# [Exercise brief]
Leave out the pictures and print the records below exactly.

# [Records for processing]
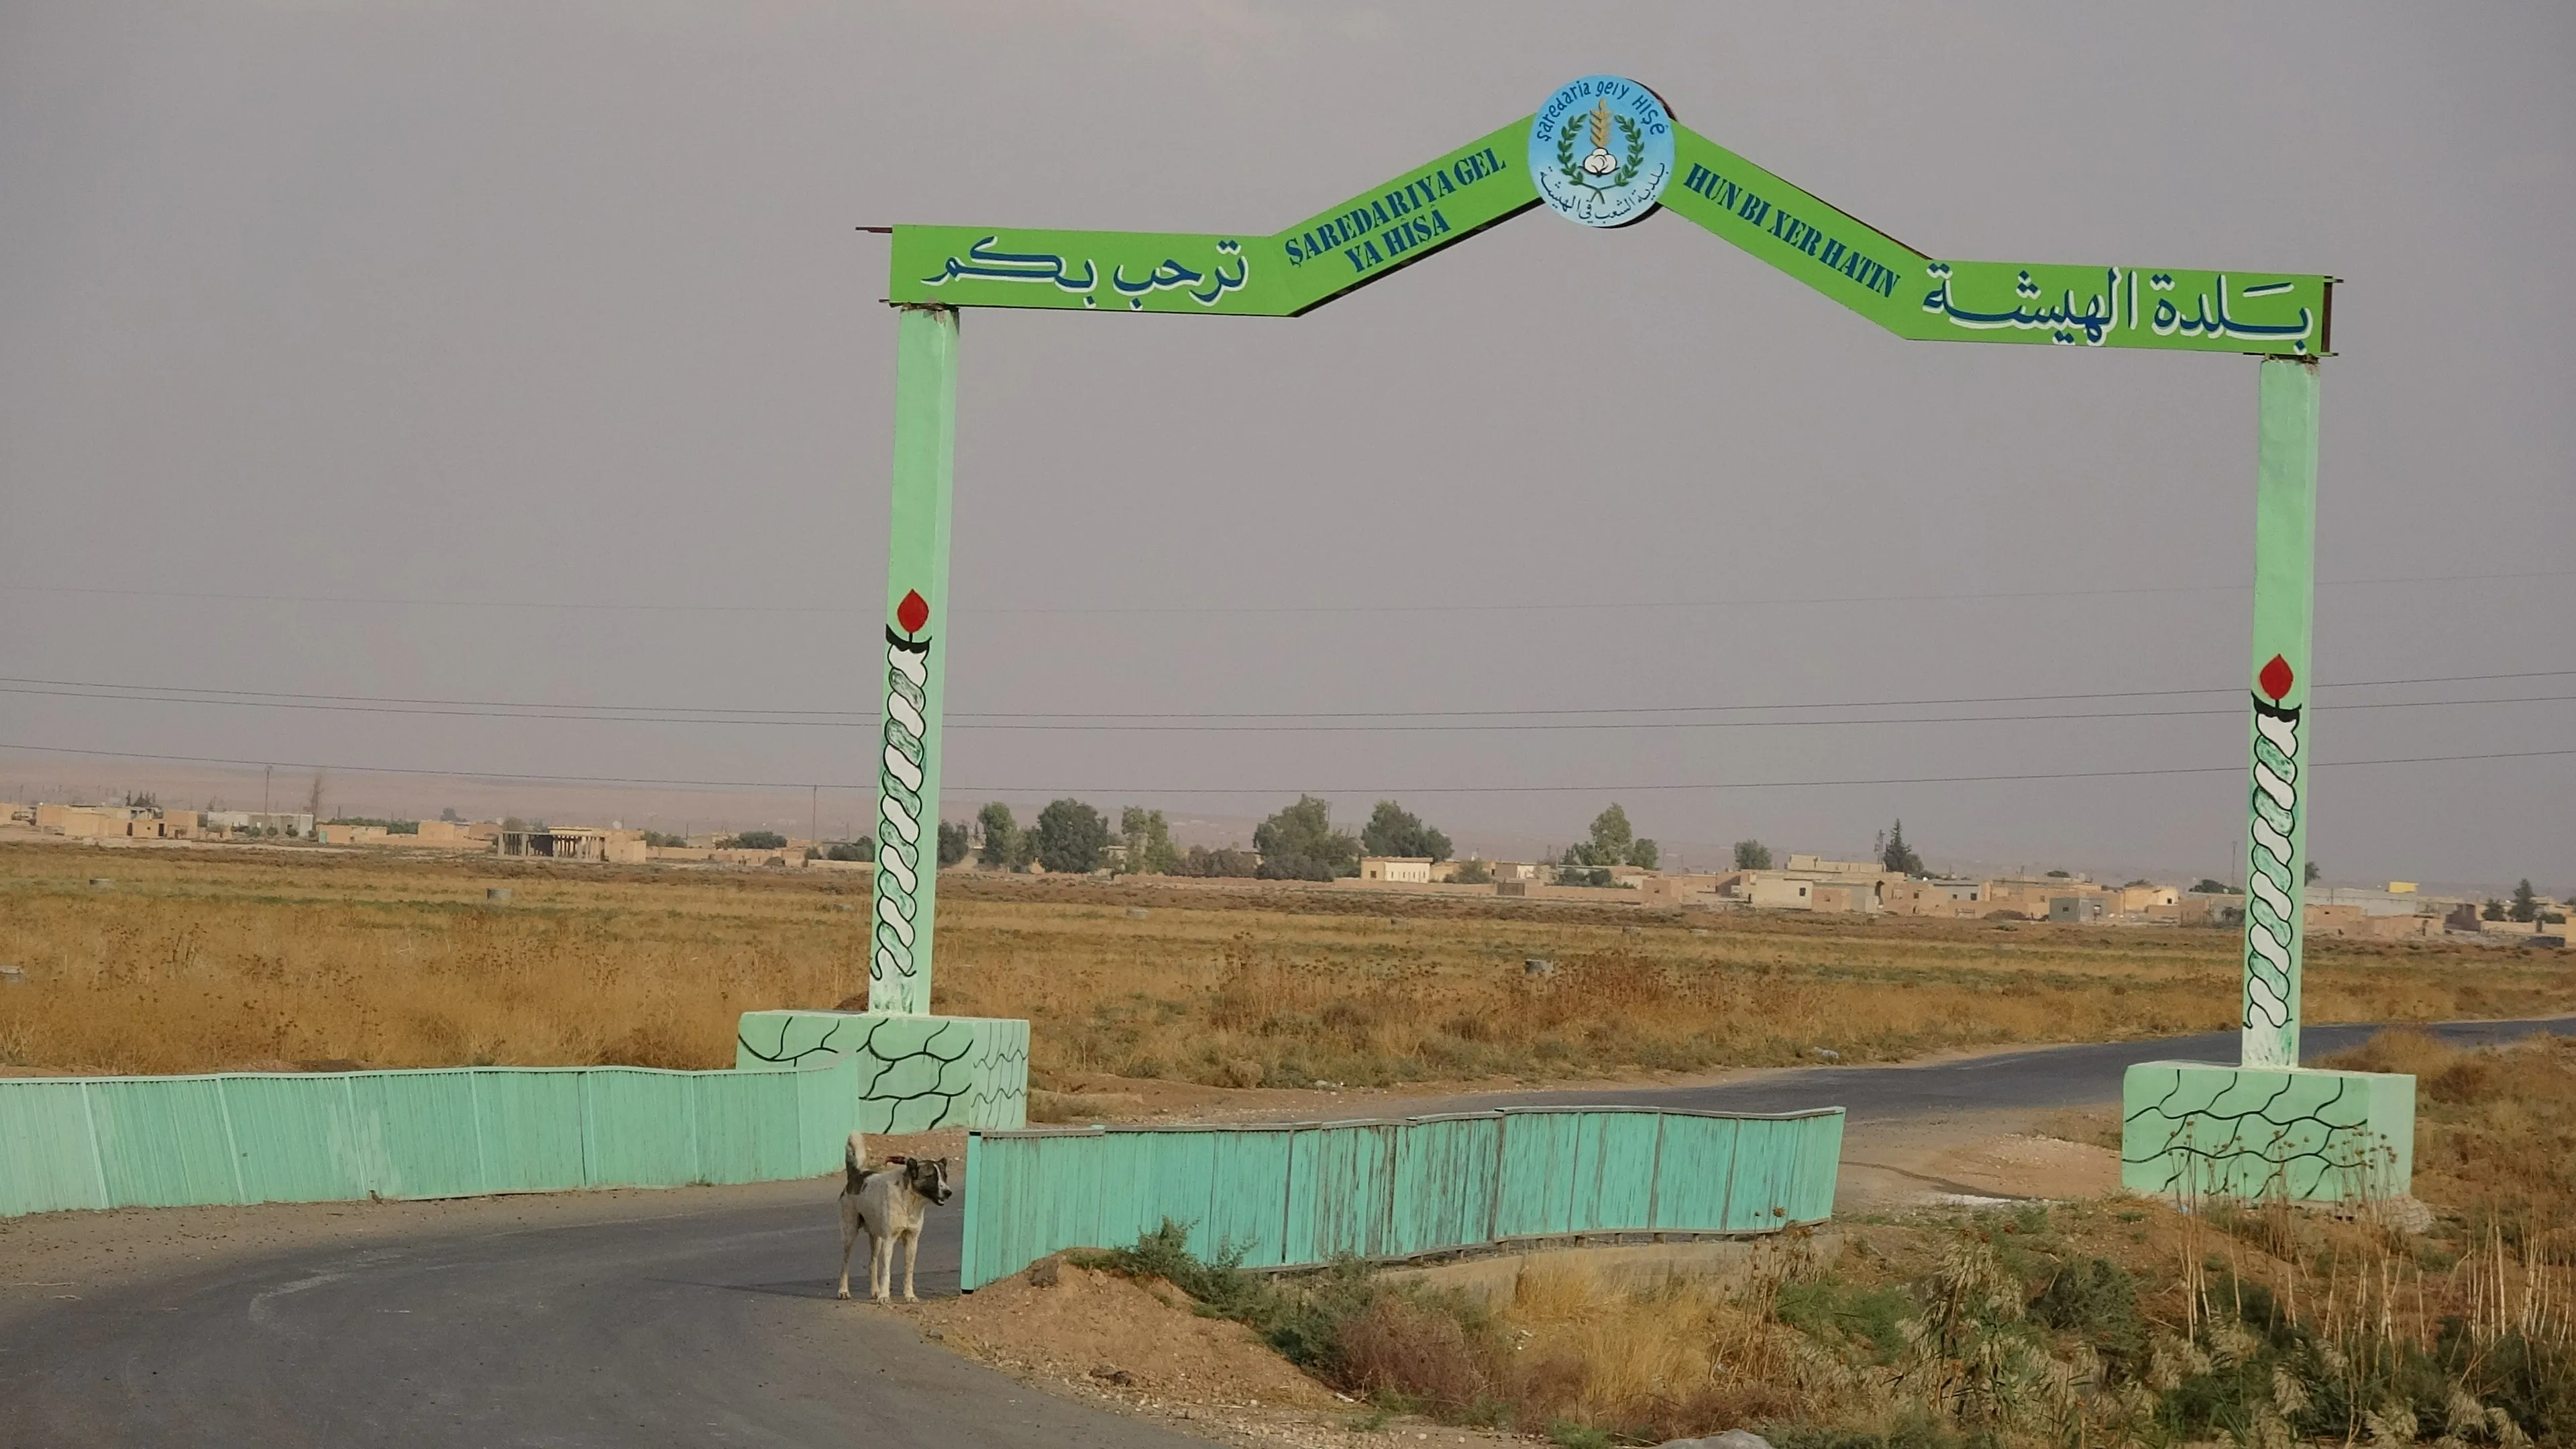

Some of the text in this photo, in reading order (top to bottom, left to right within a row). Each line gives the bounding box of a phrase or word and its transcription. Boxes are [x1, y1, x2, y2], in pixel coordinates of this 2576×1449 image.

[1453, 147, 1506, 186] GEL
[1682, 162, 1744, 211] HUN
[1737, 193, 1772, 227] BI
[1766, 209, 1823, 257] XER
[920, 235, 1250, 311] ترحب بكم
[1344, 240, 1384, 273] YA
[1921, 262, 2139, 346] الهيشة
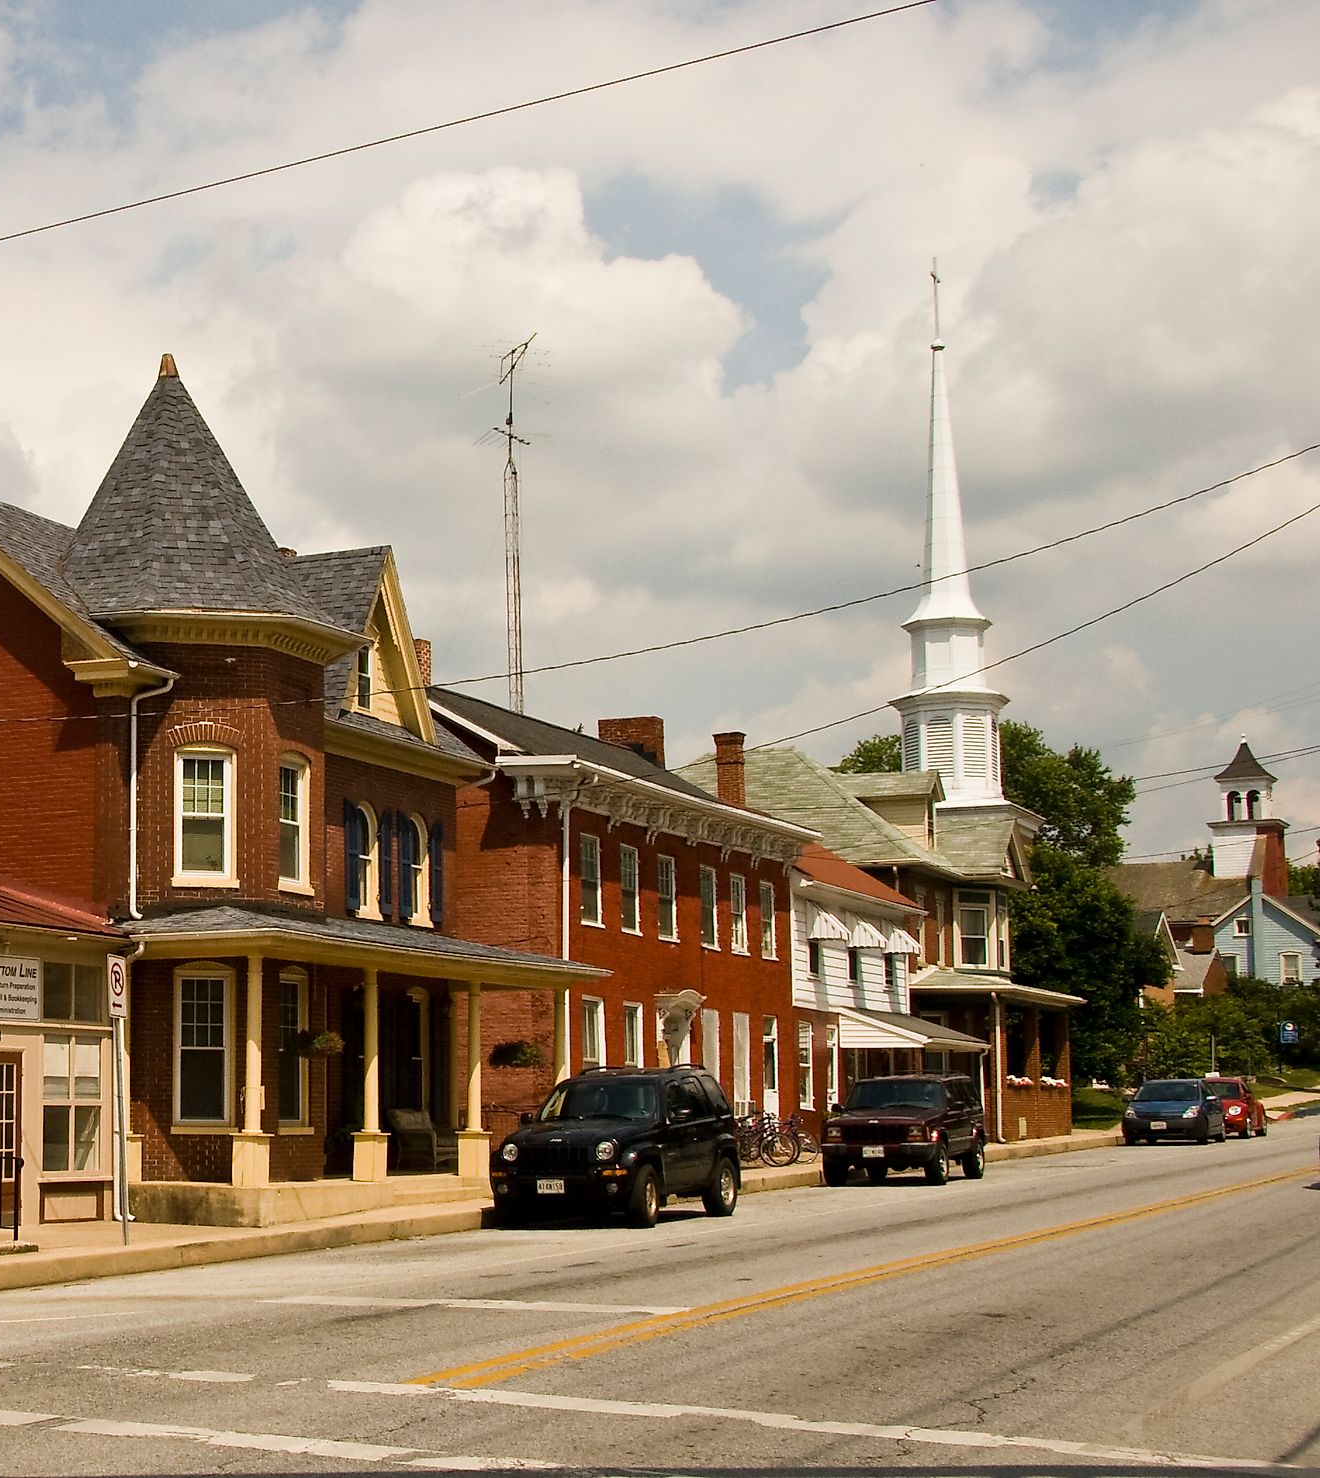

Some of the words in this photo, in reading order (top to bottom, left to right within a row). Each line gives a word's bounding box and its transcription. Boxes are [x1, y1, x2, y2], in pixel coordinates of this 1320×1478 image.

[19, 963, 37, 978] LINE
[9, 982, 36, 991] Preparation
[8, 994, 37, 1004] Bookkeeping
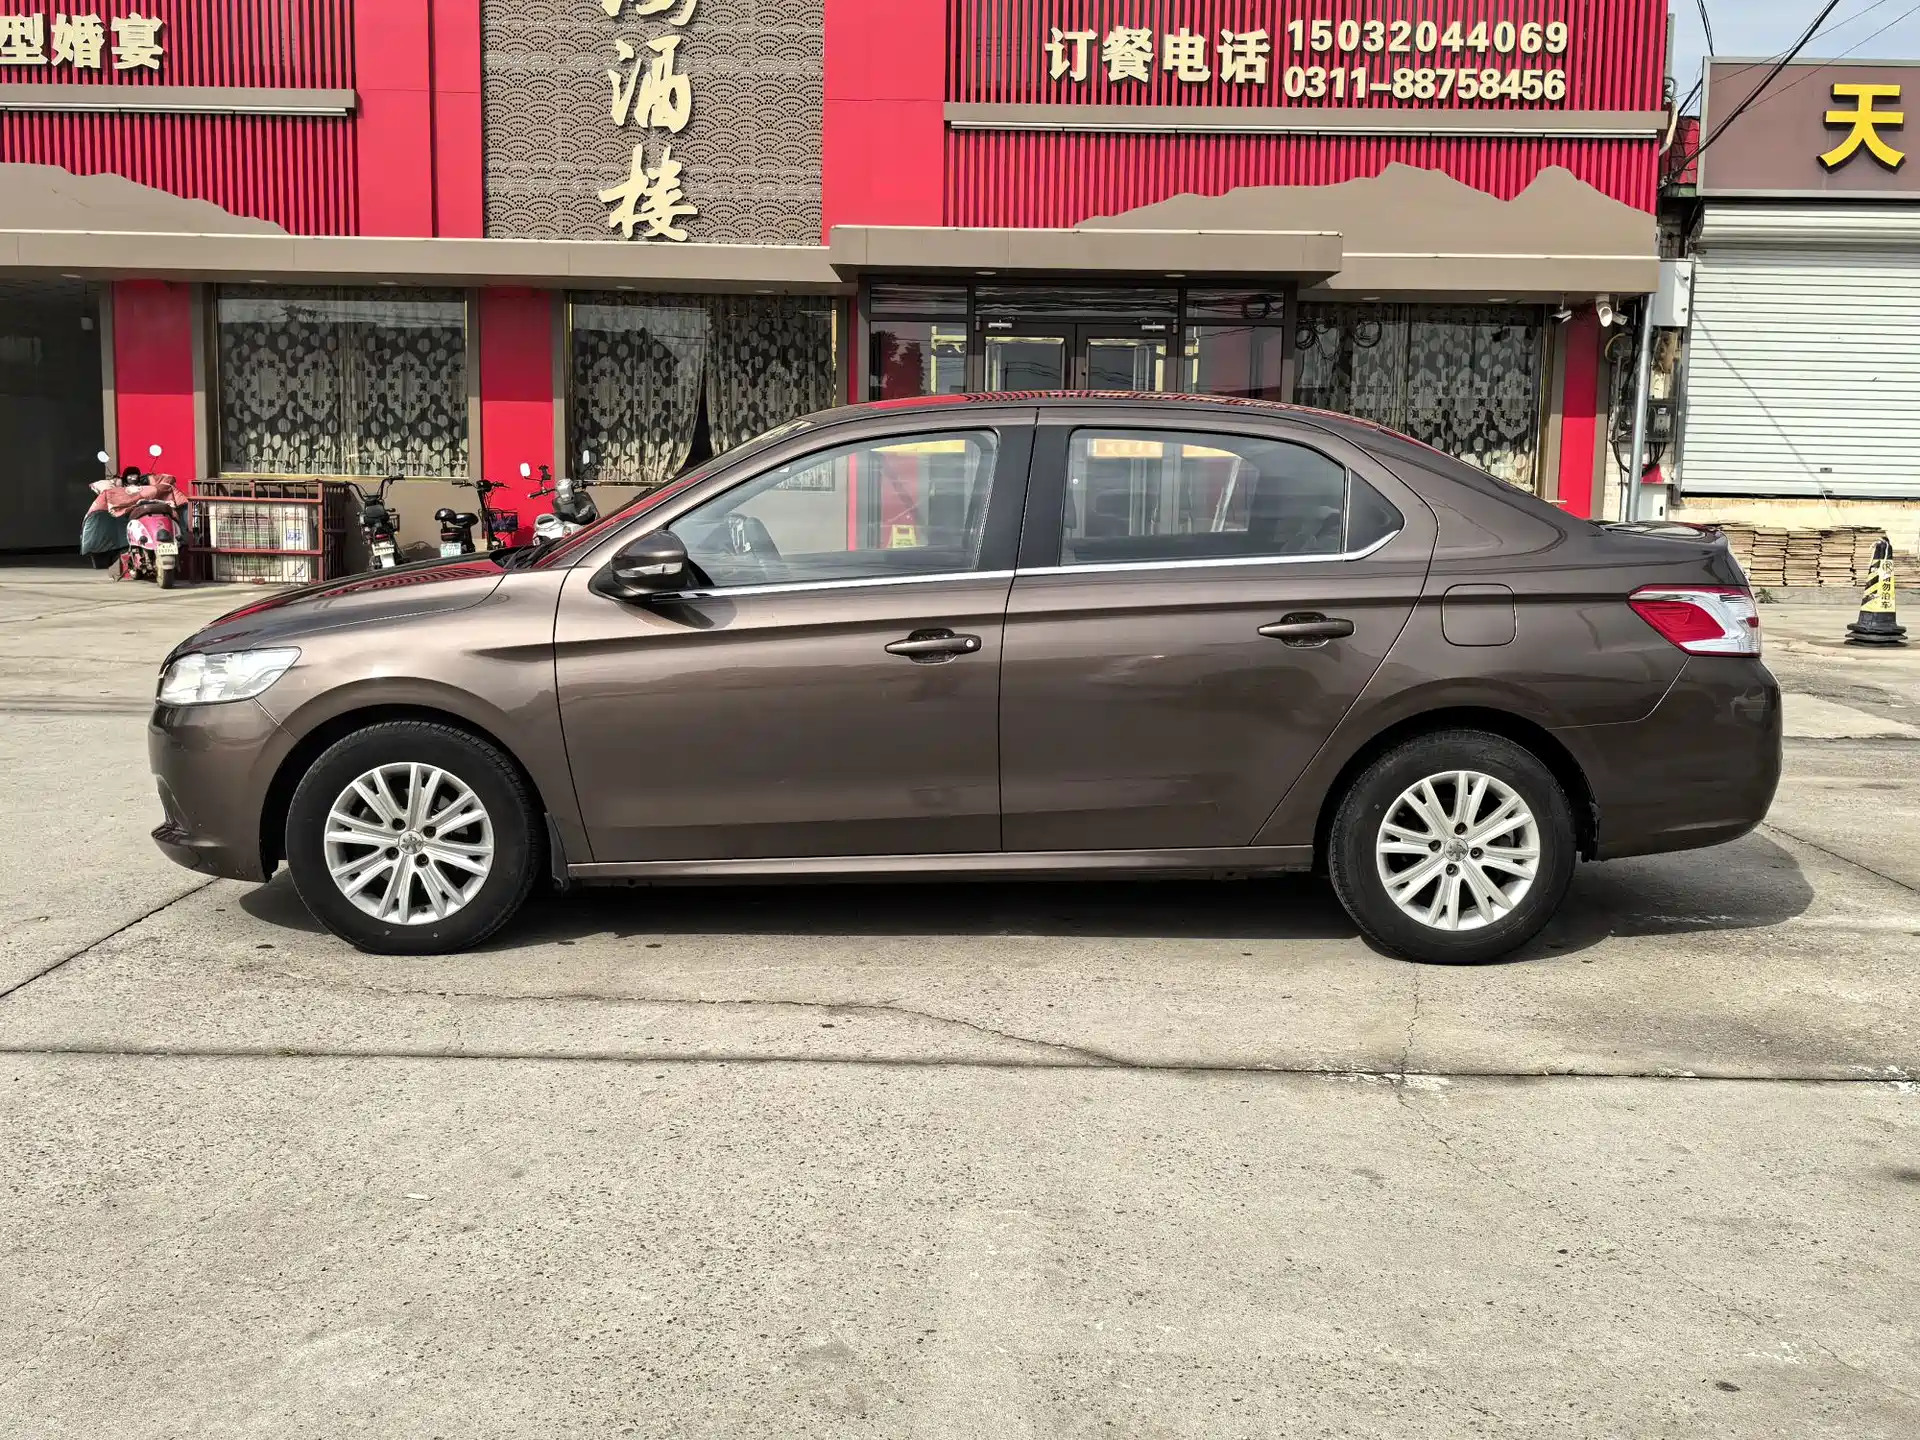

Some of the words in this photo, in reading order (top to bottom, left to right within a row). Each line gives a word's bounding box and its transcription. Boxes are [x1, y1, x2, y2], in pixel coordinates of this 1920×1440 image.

[0, 12, 164, 70] 型婚宴
[1045, 25, 1271, 84] 订餐电话
[1287, 19, 1568, 54] 15032044069
[1283, 65, 1567, 101] 0311-88758456
[599, 0, 698, 242] 酒楼
[1822, 83, 1906, 170] 天

# [Output below]
Some of the text in this photo, in reading order (top to bottom, left to right within a row). Each line gives the bounding box of a phrase or word and its transcription. Boxes are [x1, y1, x2, y2], in pixel coordinates of this 2576×1449 image.

[1453, 147, 1506, 186] GEL
[1682, 162, 1744, 211] HUN
[1737, 193, 1772, 227] BI
[1766, 209, 1823, 257] XER
[920, 235, 1250, 311] ترحب بكم
[1344, 240, 1384, 273] YA
[1921, 262, 2139, 346] الهيشة

Some of the words in this photo, in reading order (top to bottom, left to right within a row). Each line gives a word's bounding box and its transcription. Boxes are [x1, y1, x2, y2], in pixel coordinates of this 1320×1478 image.

[19, 963, 37, 978] LINE
[9, 982, 36, 991] Preparation
[8, 994, 37, 1004] Bookkeeping

Some of the words in this photo, in reading order (top to bottom, left to right within a row). Each line gives a word's bounding box and its transcription. Boxes are [x1, y1, x2, y2], in pixel coordinates of this 1920×1440 image.

[0, 12, 164, 70] 型婚宴
[1045, 25, 1271, 84] 订餐电话
[1287, 19, 1568, 54] 15032044069
[1283, 65, 1567, 101] 0311-88758456
[599, 0, 698, 242] 酒楼
[1822, 83, 1906, 170] 天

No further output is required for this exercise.